Spatial localization data:
************

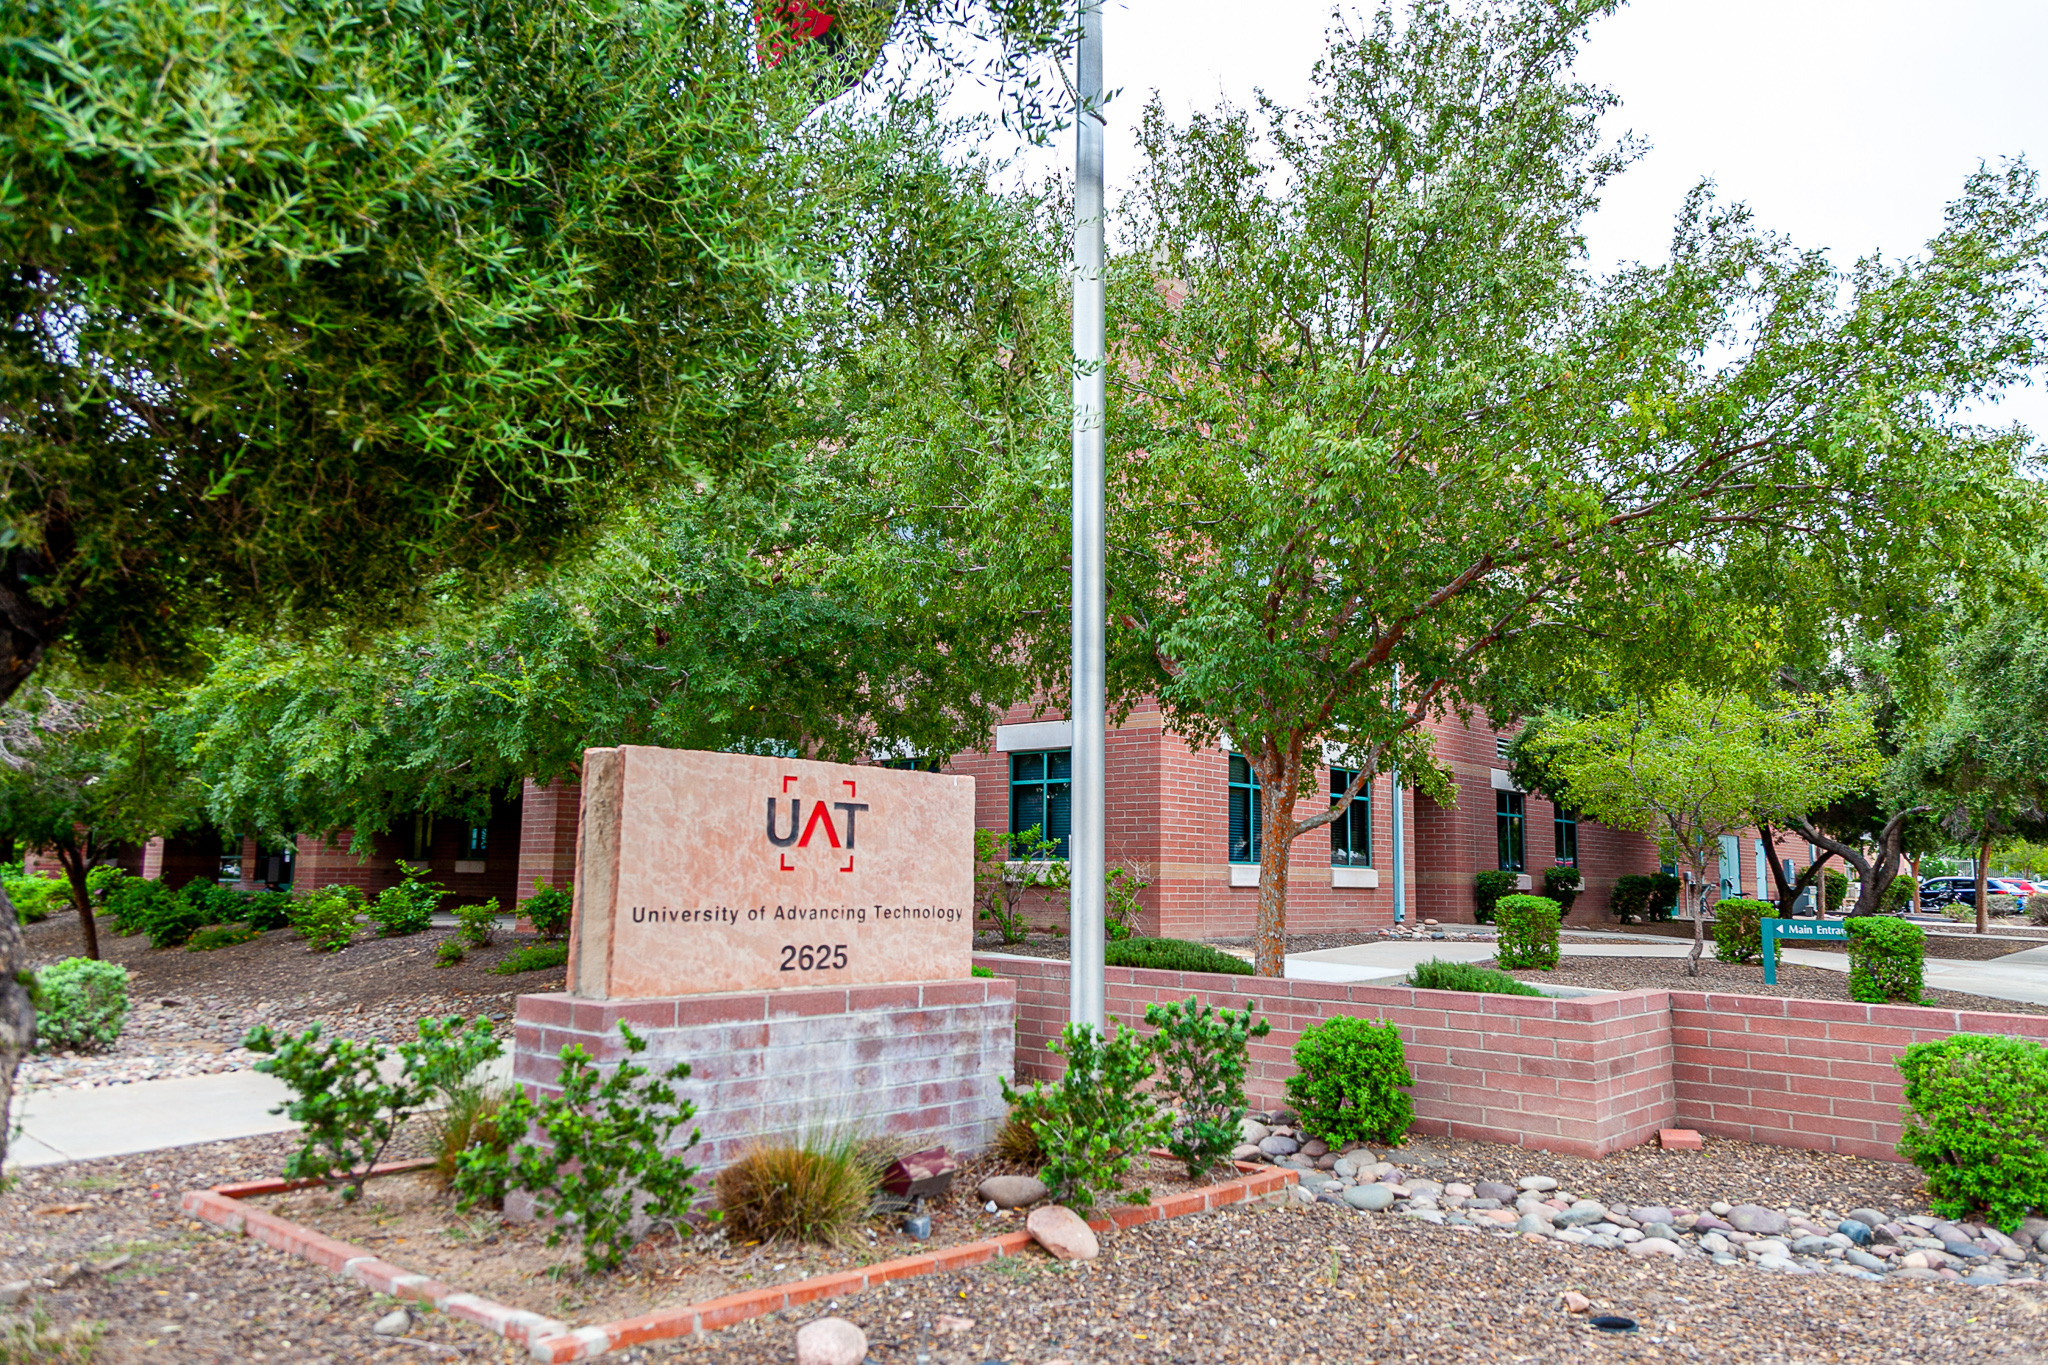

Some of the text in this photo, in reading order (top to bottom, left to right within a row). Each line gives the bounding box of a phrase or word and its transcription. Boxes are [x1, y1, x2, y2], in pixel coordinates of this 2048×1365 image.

[766, 797, 869, 850] UAT
[632, 905, 963, 925] University of Advancing Technology
[1788, 924, 1847, 935] Main Entran
[779, 944, 848, 972] 2625

************

▸ Task instructions: Each entry above is to be written out again unchanged, apart from the pictures, which are left out.

▸ Solution for this exercise:
Some of the text in this photo, in reading order (top to bottom, left to right within a row). Each line gives the bounding box of a phrase or word and its transcription. Boxes are [x1, y1, x2, y2], in pixel coordinates of this 2048×1365 image.

[766, 797, 869, 850] UAT
[632, 905, 963, 925] University of Advancing Technology
[1788, 924, 1847, 935] Main Entran
[779, 944, 848, 972] 2625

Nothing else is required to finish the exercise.